> _WORK INSTRUCTIONS_
Please return the listing below exactly, without any of its pictures.

> _DATA EXTRACT_
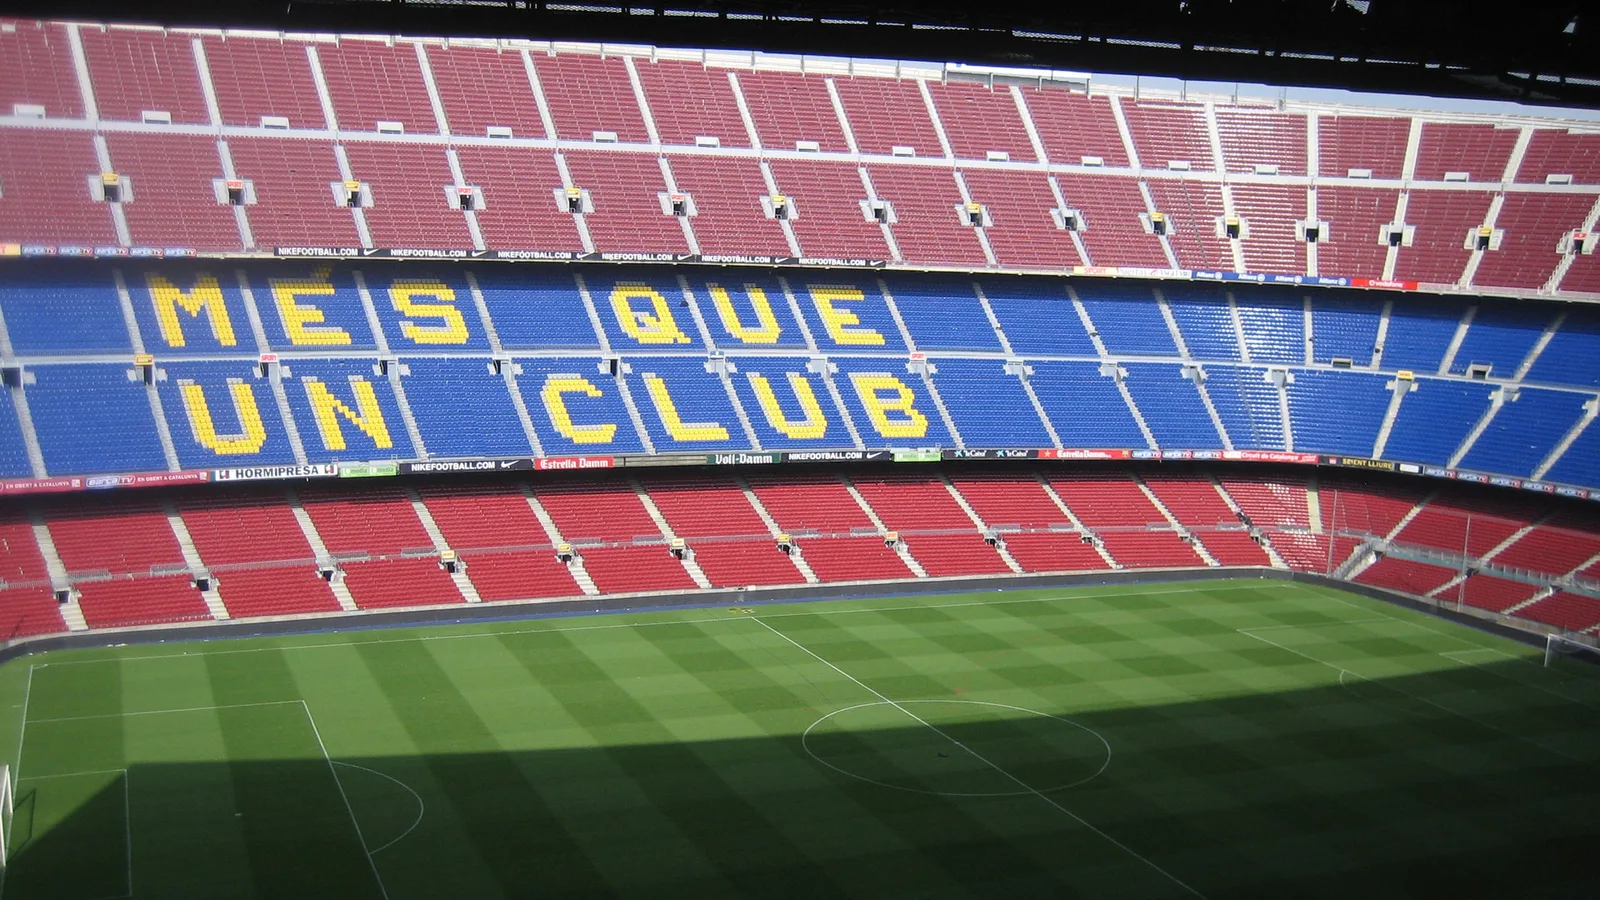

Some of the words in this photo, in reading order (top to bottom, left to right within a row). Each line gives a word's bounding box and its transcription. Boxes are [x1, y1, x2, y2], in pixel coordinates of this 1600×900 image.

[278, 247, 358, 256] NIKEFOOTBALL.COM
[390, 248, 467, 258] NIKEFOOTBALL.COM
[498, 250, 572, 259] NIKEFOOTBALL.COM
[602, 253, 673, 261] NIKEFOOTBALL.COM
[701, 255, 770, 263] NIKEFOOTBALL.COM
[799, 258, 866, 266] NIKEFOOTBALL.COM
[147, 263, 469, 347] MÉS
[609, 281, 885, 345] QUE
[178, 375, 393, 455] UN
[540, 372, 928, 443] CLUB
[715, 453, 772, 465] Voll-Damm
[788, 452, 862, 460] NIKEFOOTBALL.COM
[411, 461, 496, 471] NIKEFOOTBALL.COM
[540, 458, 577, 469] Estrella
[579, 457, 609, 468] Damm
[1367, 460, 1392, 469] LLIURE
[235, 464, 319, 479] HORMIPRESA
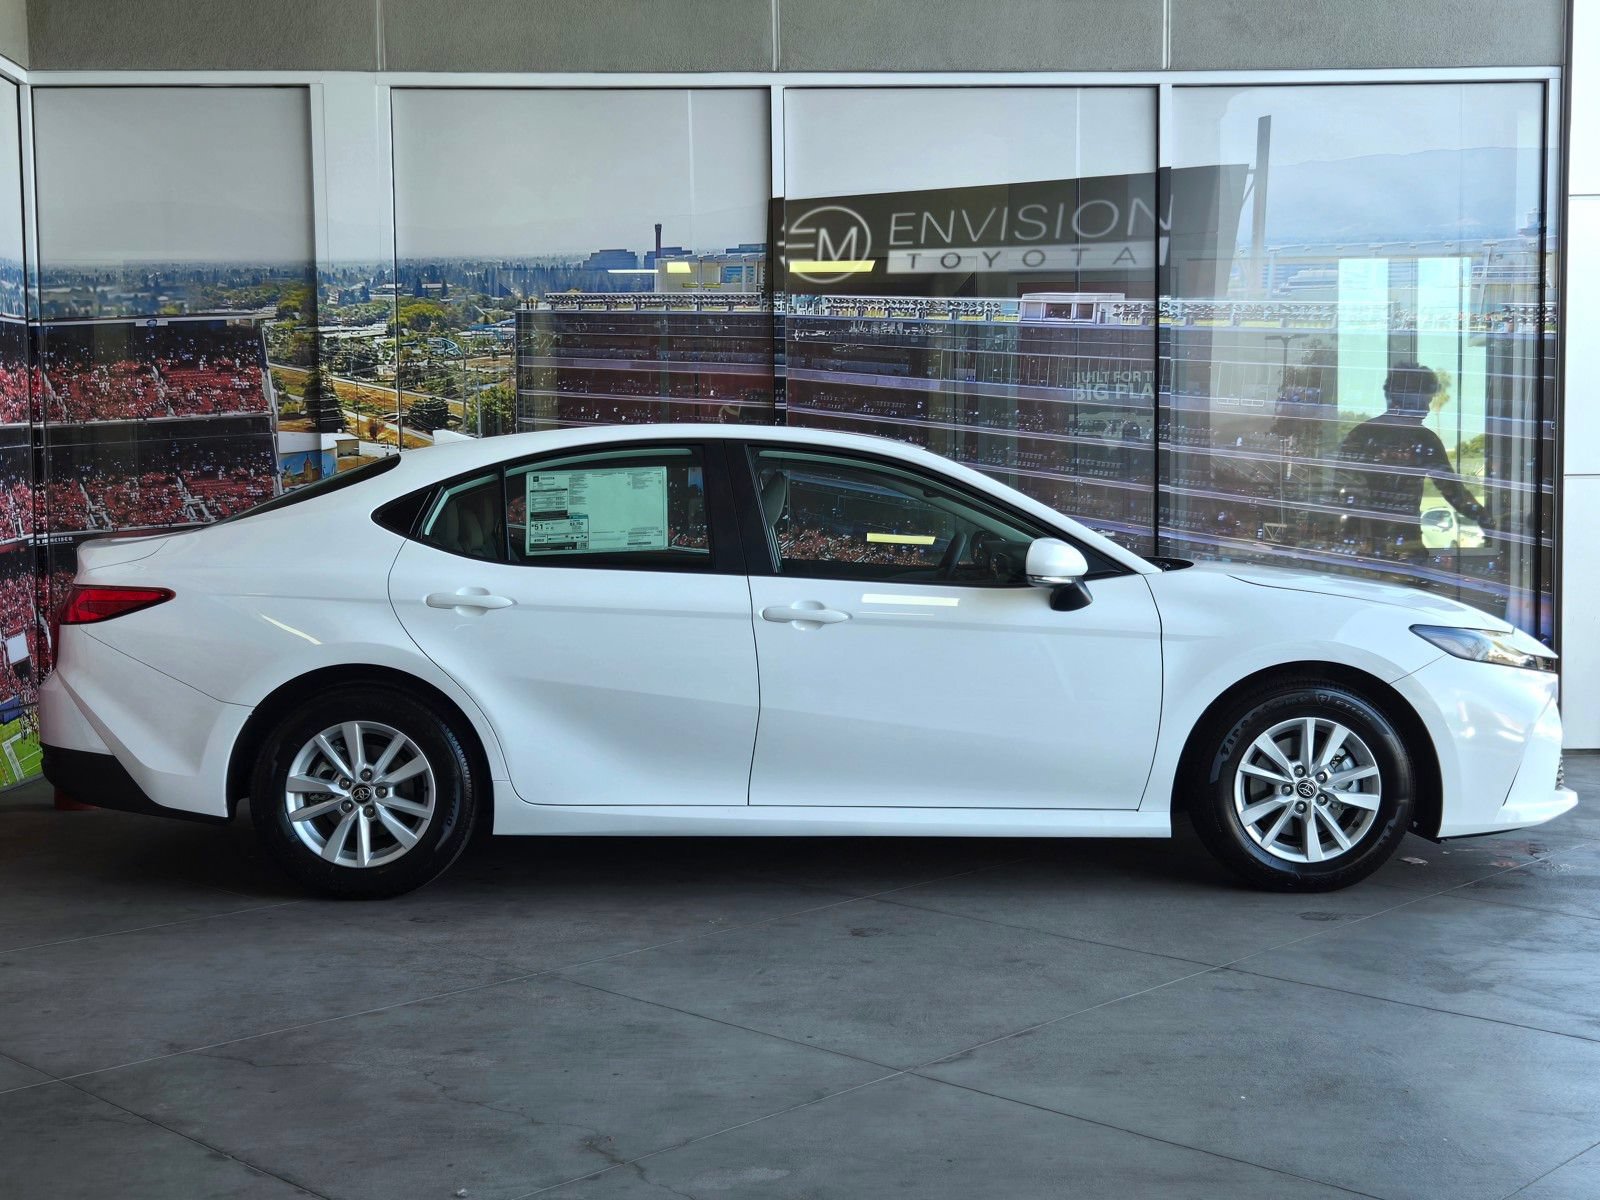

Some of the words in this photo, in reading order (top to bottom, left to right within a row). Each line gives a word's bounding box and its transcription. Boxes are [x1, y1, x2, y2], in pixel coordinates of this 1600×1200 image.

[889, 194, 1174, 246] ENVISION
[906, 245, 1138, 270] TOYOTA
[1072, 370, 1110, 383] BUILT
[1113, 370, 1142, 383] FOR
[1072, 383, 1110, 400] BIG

> _FINISHED EXERCISE_
Some of the words in this photo, in reading order (top to bottom, left to right within a row). Each line gives a word's bounding box and its transcription. Boxes are [x1, y1, x2, y2], in pixel coordinates of this 1600×900 image.

[278, 247, 358, 256] NIKEFOOTBALL.COM
[390, 248, 467, 258] NIKEFOOTBALL.COM
[498, 250, 572, 259] NIKEFOOTBALL.COM
[602, 253, 673, 261] NIKEFOOTBALL.COM
[701, 255, 770, 263] NIKEFOOTBALL.COM
[799, 258, 866, 266] NIKEFOOTBALL.COM
[147, 263, 469, 347] MÉS
[609, 281, 885, 345] QUE
[178, 375, 393, 455] UN
[540, 372, 928, 443] CLUB
[715, 453, 772, 465] Voll-Damm
[788, 452, 862, 460] NIKEFOOTBALL.COM
[411, 461, 496, 471] NIKEFOOTBALL.COM
[540, 458, 577, 469] Estrella
[579, 457, 609, 468] Damm
[1367, 460, 1392, 469] LLIURE
[235, 464, 319, 479] HORMIPRESA

Some of the words in this photo, in reading order (top to bottom, left to right within a row). Each line gives a word's bounding box and its transcription. Boxes are [x1, y1, x2, y2], in pixel coordinates of this 1600×1200 image.

[889, 194, 1174, 246] ENVISION
[906, 245, 1138, 270] TOYOTA
[1072, 370, 1110, 383] BUILT
[1113, 370, 1142, 383] FOR
[1072, 383, 1110, 400] BIG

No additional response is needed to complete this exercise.